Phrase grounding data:
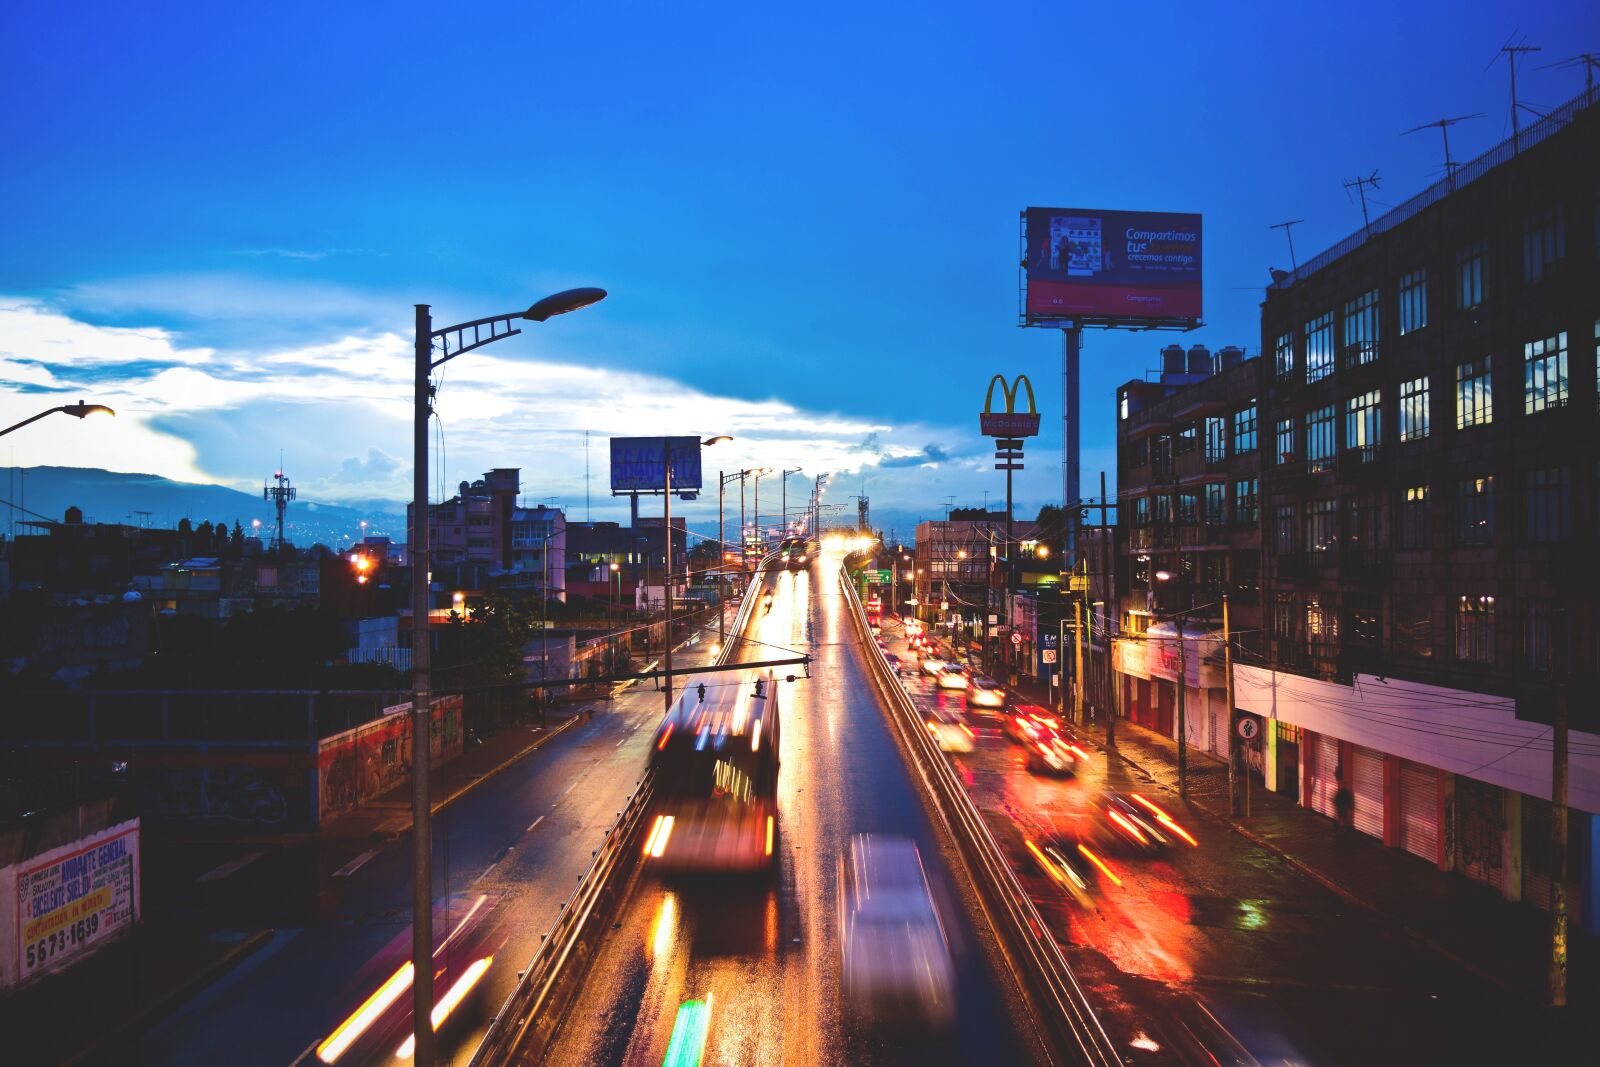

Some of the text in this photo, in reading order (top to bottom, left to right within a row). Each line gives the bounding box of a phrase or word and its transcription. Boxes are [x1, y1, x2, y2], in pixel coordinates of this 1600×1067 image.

[1126, 228, 1197, 244] Compartimos
[1127, 240, 1149, 254] tus
[1127, 254, 1163, 262] crecemos
[62, 849, 97, 884] AYUDANTE
[98, 836, 127, 867] GENERAL
[32, 879, 55, 896] SOLICITA
[33, 885, 66, 918] EXCELENTE
[66, 874, 89, 902] SUELDO
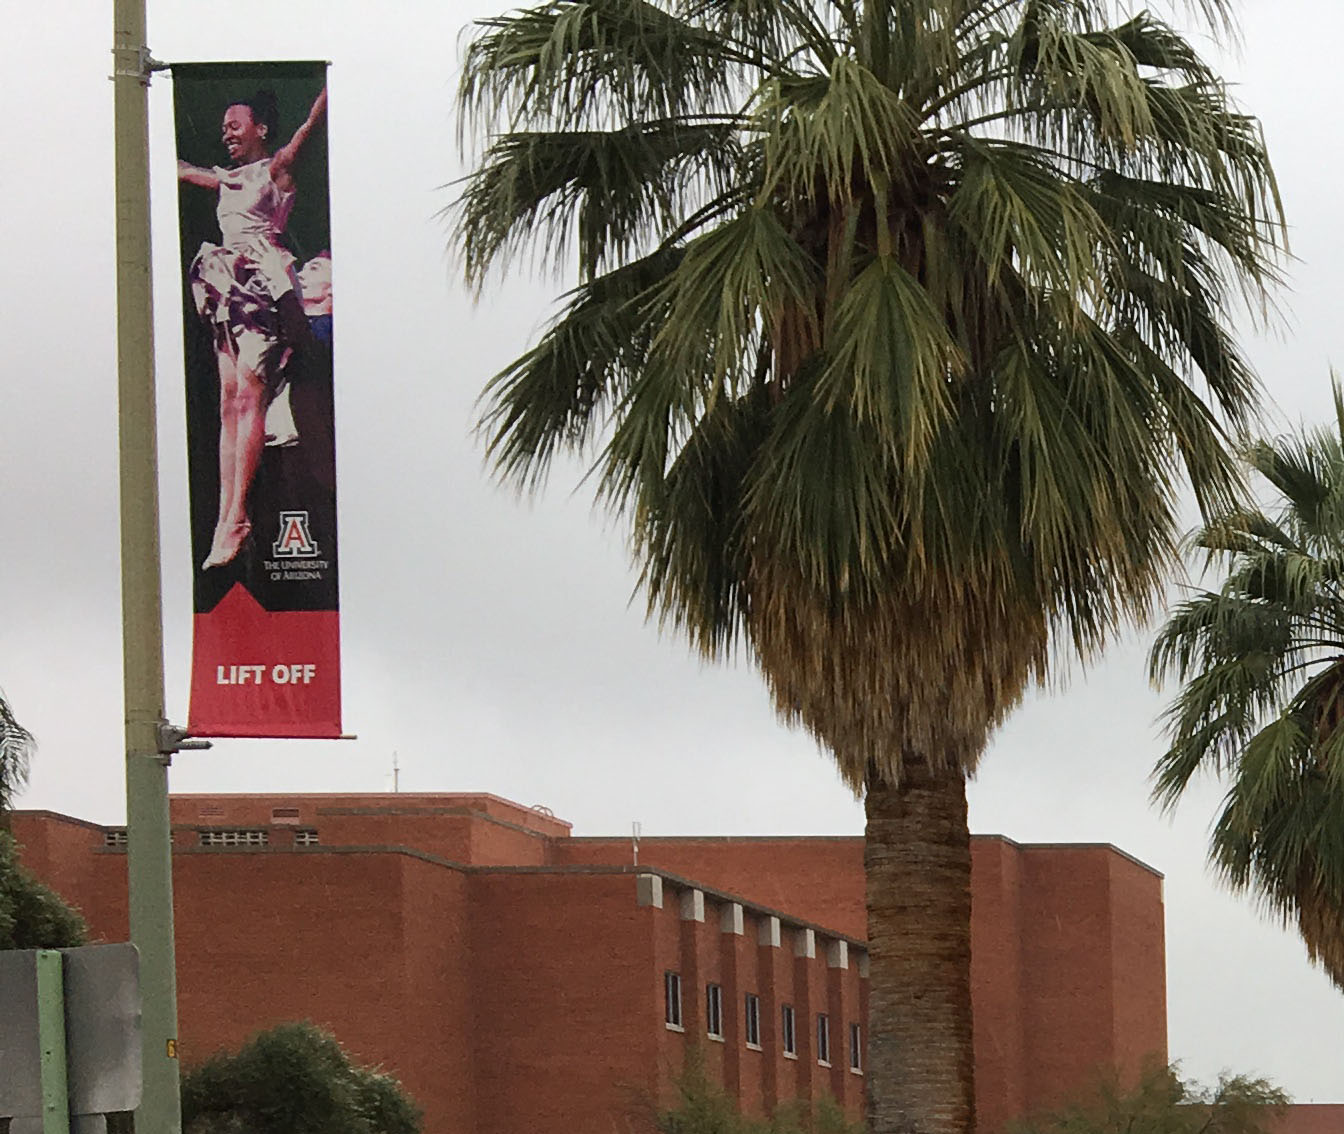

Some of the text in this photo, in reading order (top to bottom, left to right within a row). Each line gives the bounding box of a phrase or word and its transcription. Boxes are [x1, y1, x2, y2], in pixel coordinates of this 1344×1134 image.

[264, 561, 328, 570] THE UNIVERSITY
[270, 571, 321, 580] OF ARIZONA
[217, 664, 316, 684] LIFT OFF
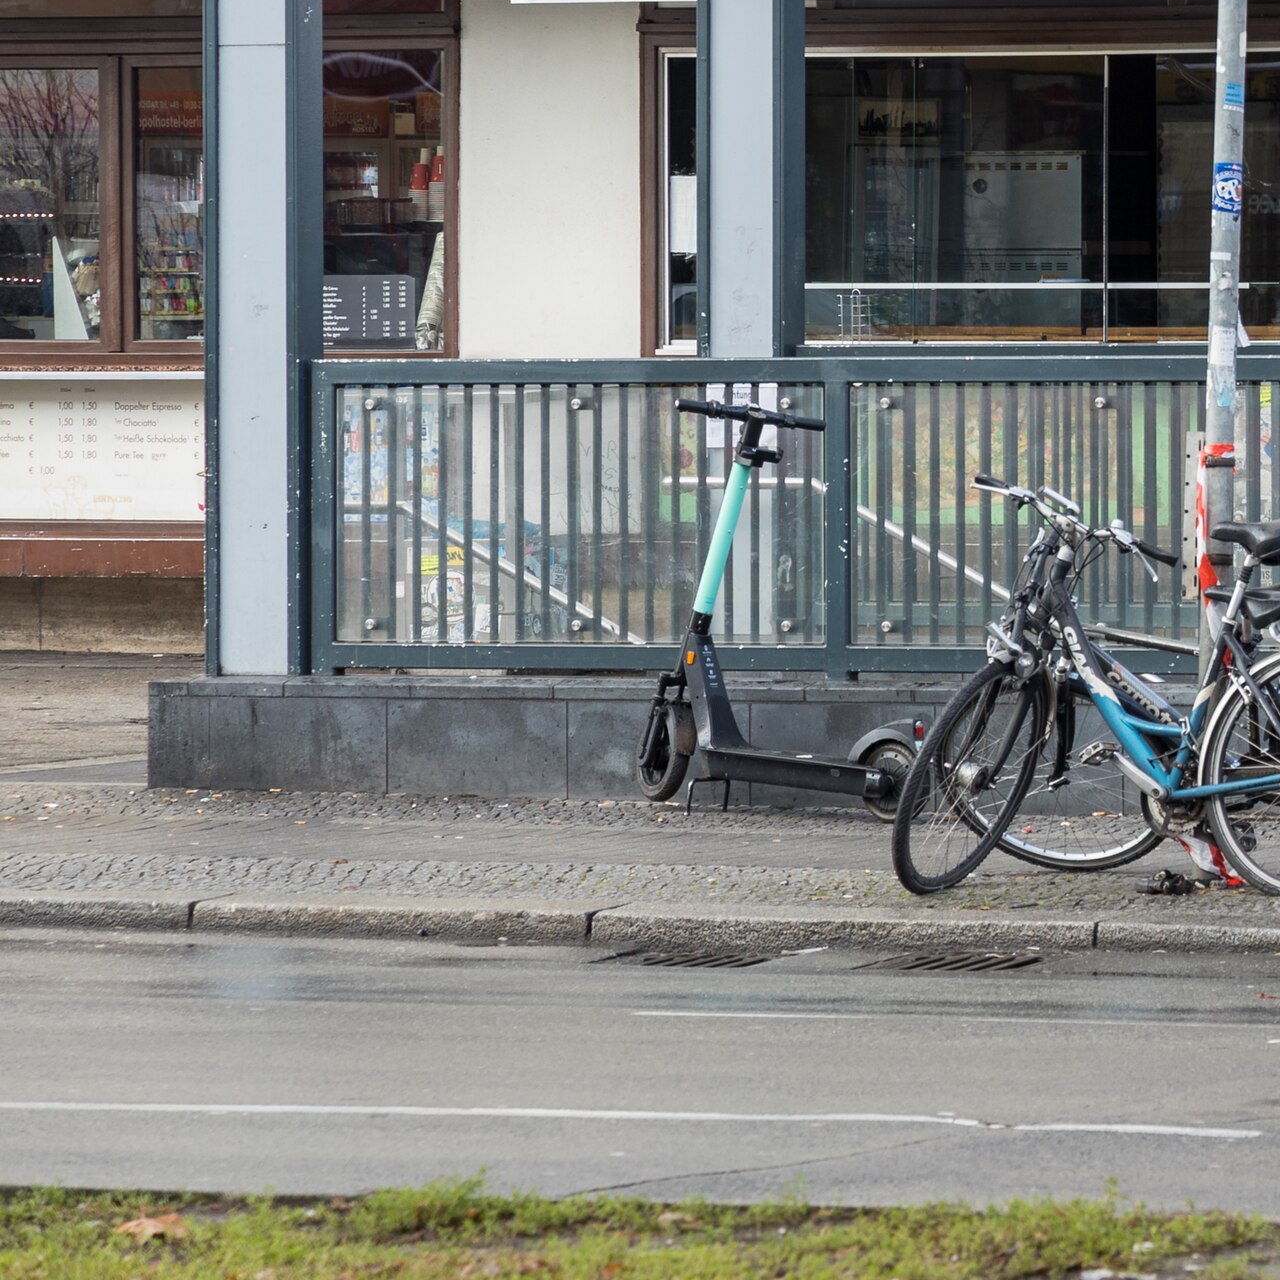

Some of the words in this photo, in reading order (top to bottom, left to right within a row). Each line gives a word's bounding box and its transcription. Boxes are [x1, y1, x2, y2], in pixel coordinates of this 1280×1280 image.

[58, 402, 73, 410] 1,00
[82, 402, 97, 410] 1,50
[114, 402, 150, 411] Doppelter
[152, 402, 182, 411] Espresso
[132, 451, 144, 459] Tee
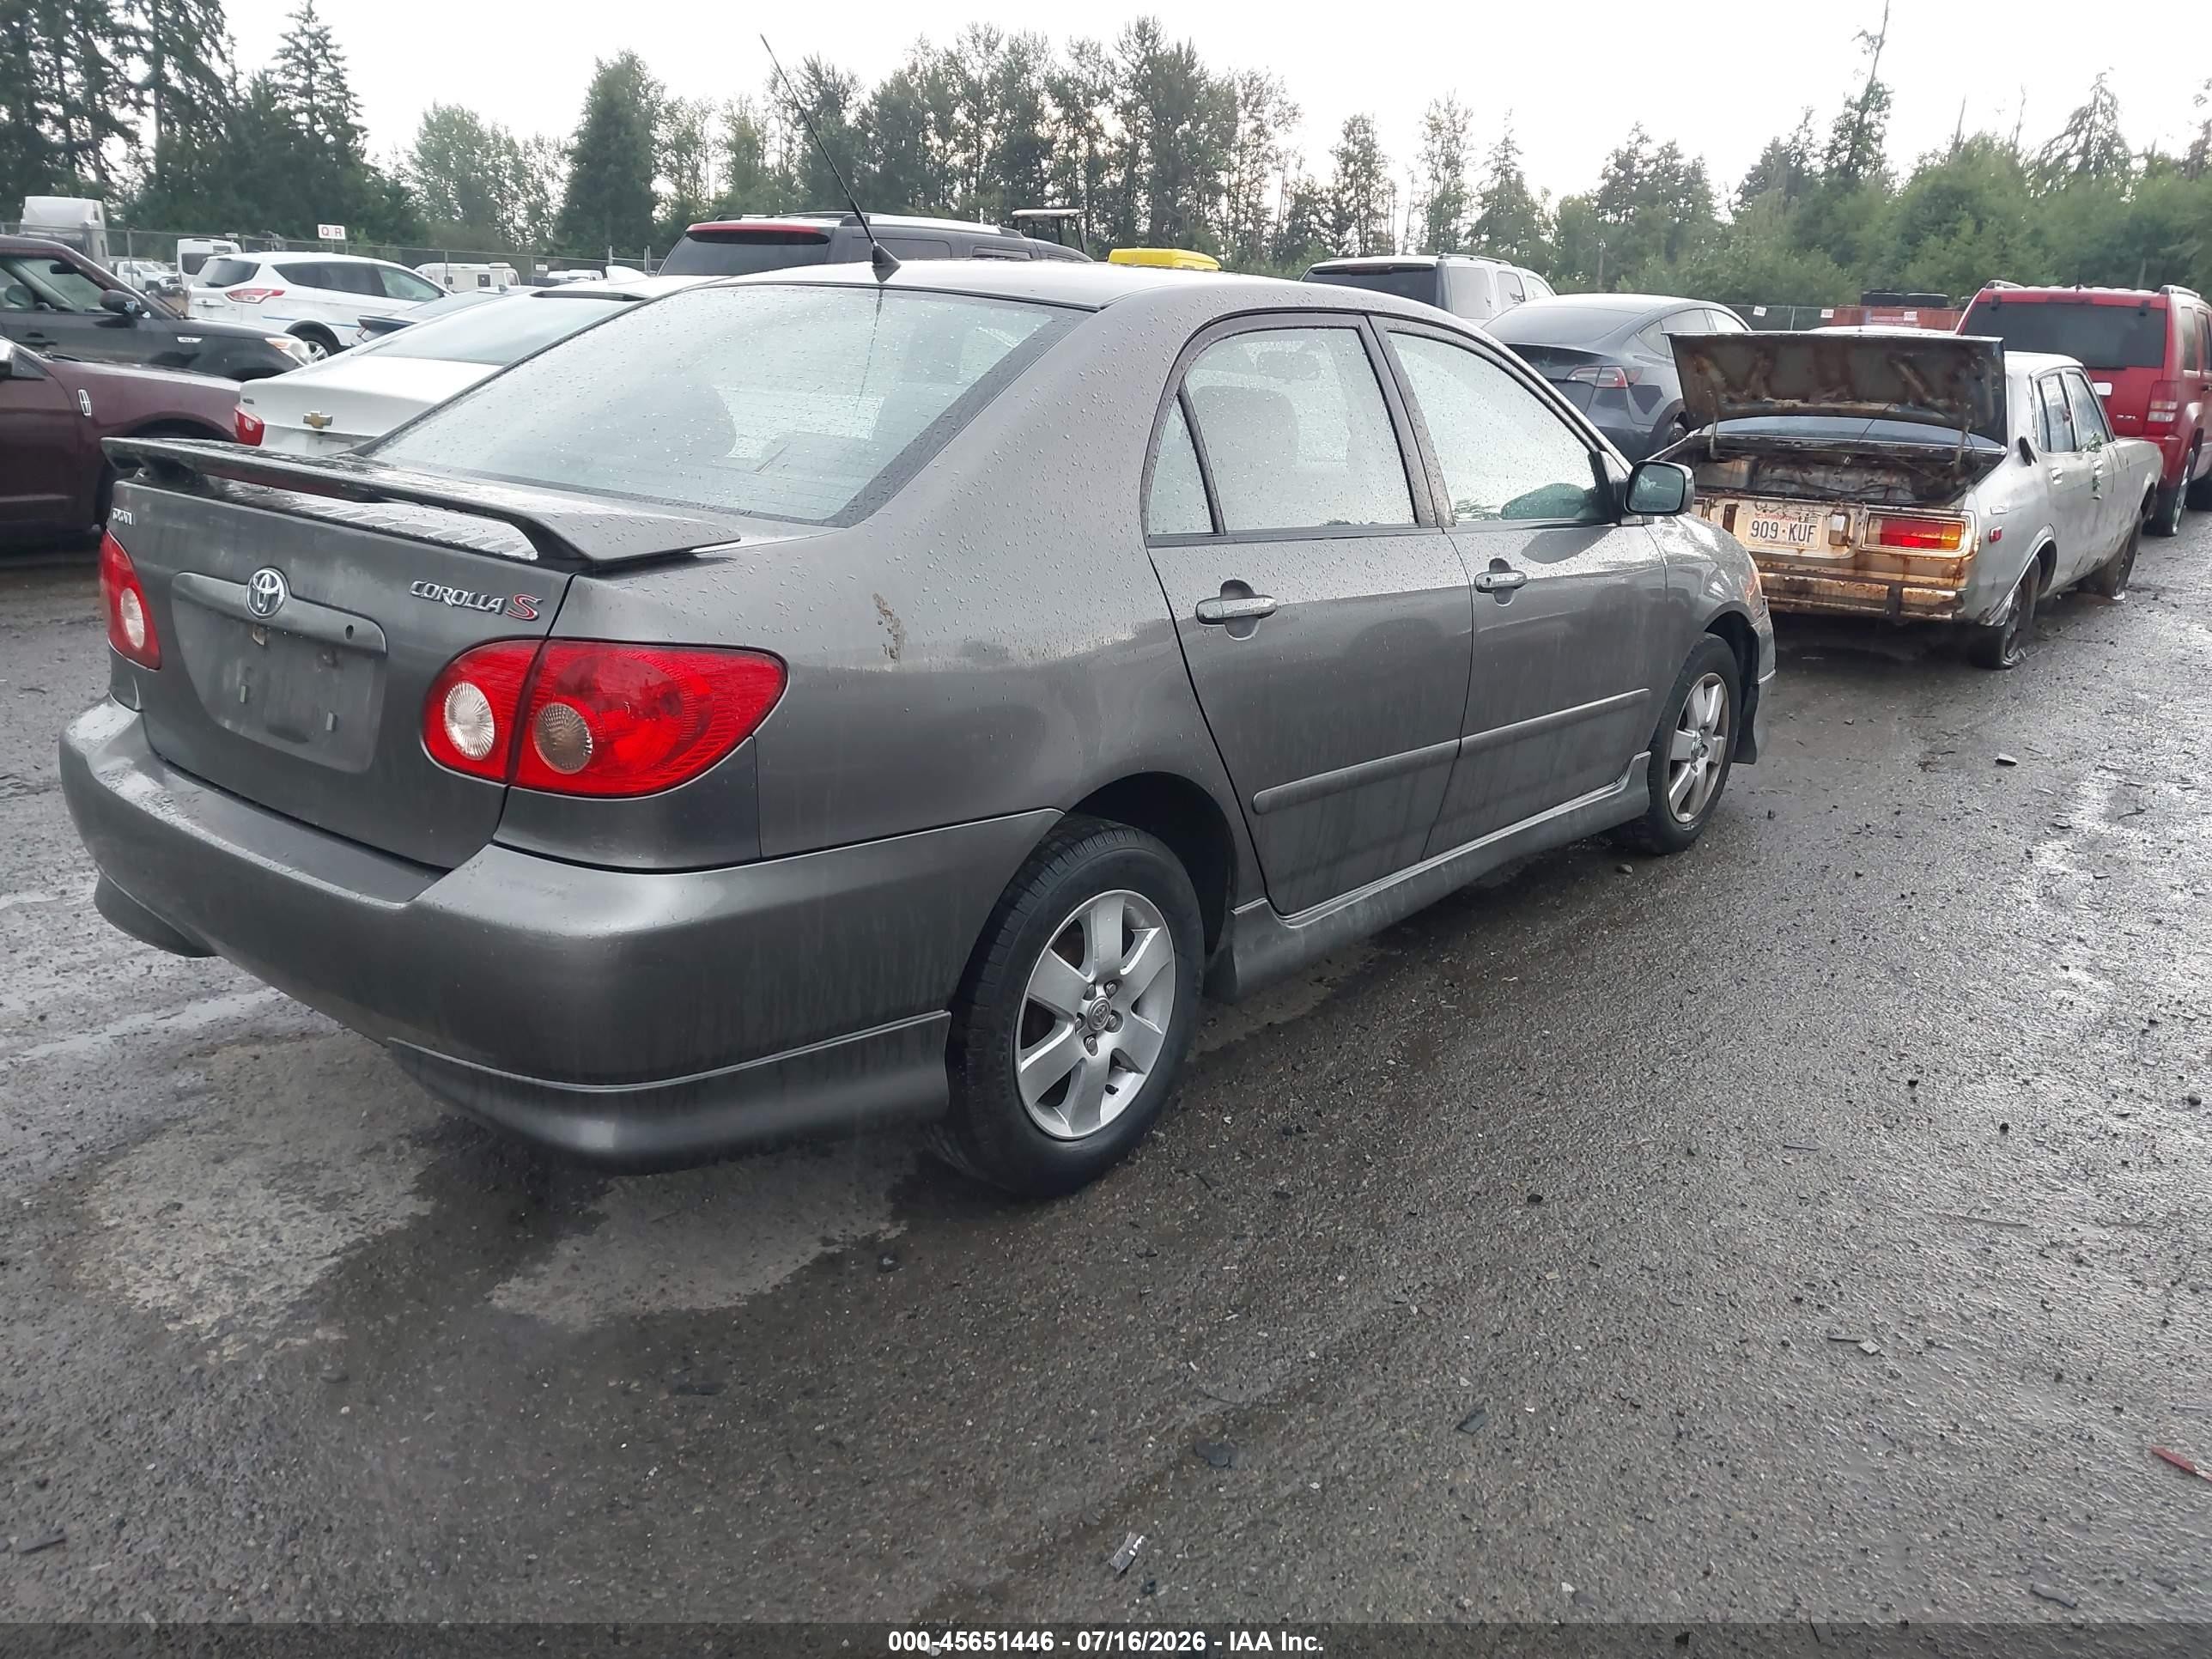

**ACTION ITEM**
Every line from the one containing "Some of the words" through the final line of the records above is to be written out exactly; nothing else, and no pictures.

**FINISHED EXERCISE**
Some of the words in this photo, in reading order (top to bottom, left to right within a row). Each line gives a word's bounding box and its transcription. Boxes are [x1, y1, x2, y2], in pixel coordinates of this 1280×1280 image.

[58, 402, 73, 410] 1,00
[82, 402, 97, 410] 1,50
[114, 402, 150, 411] Doppelter
[152, 402, 182, 411] Espresso
[132, 451, 144, 459] Tee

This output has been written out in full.